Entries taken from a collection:

<<<<

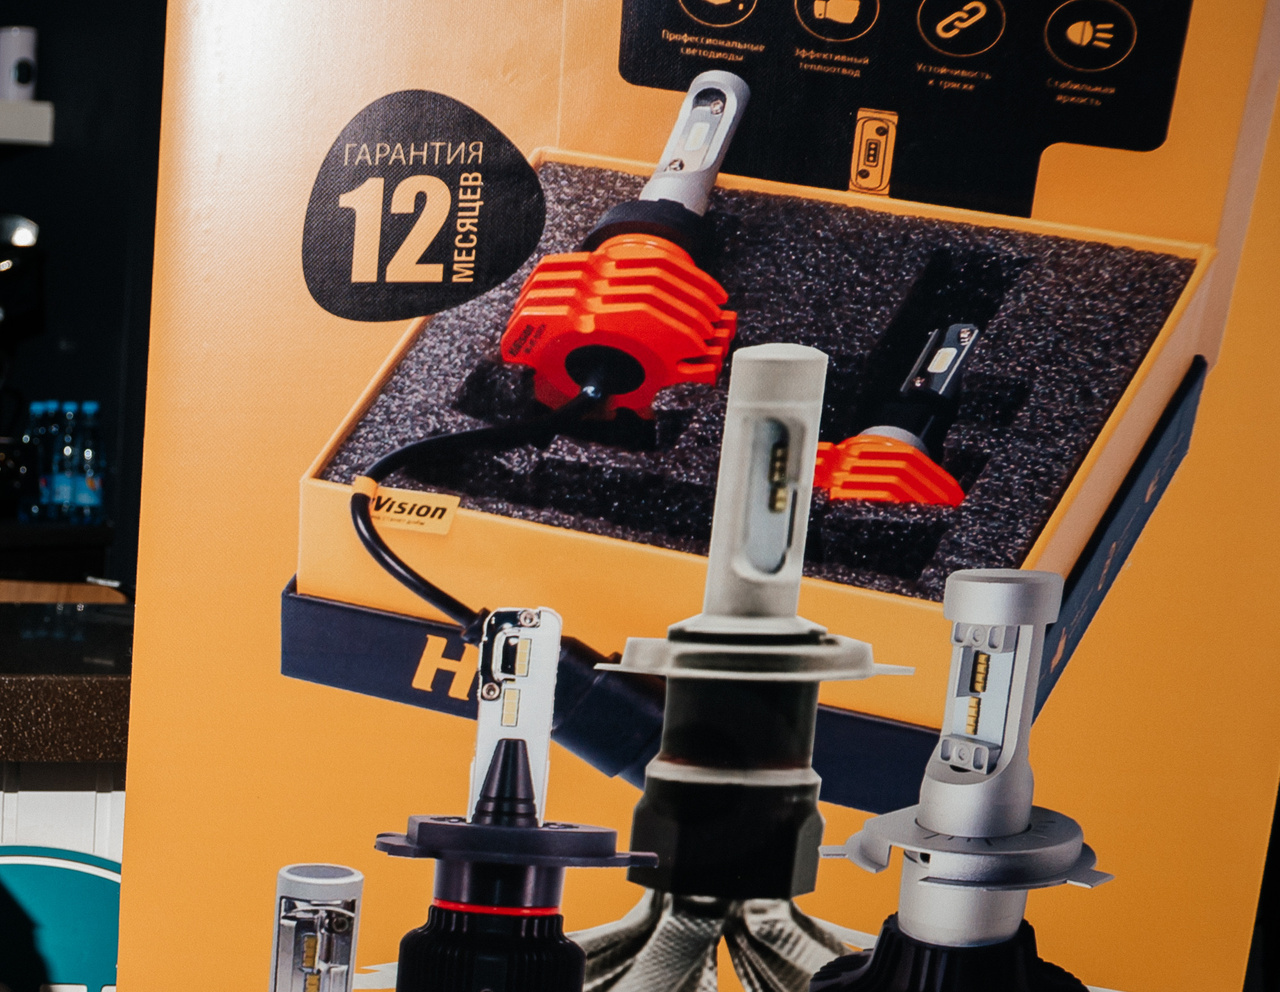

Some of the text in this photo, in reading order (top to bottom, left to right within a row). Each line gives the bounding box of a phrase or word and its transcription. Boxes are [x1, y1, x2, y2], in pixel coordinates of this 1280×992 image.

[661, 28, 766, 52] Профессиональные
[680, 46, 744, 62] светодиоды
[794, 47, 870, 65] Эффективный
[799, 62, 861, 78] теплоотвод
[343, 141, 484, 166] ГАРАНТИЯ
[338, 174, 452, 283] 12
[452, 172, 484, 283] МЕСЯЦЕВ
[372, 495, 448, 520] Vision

>>>>

> [WHAT THE EXERCISE ASKS]
Please transcribe each entry exactly and exclude any image it contains.

> [RESPONSE AREA]
Some of the text in this photo, in reading order (top to bottom, left to right within a row). Each line gives the bounding box of a phrase or word and its transcription. Boxes are [x1, y1, x2, y2], in pixel coordinates of this 1280×992 image.

[661, 28, 766, 52] Профессиональные
[680, 46, 744, 62] светодиоды
[794, 47, 870, 65] Эффективный
[799, 62, 861, 78] теплоотвод
[343, 141, 484, 166] ГАРАНТИЯ
[338, 174, 452, 283] 12
[452, 172, 484, 283] МЕСЯЦЕВ
[372, 495, 448, 520] Vision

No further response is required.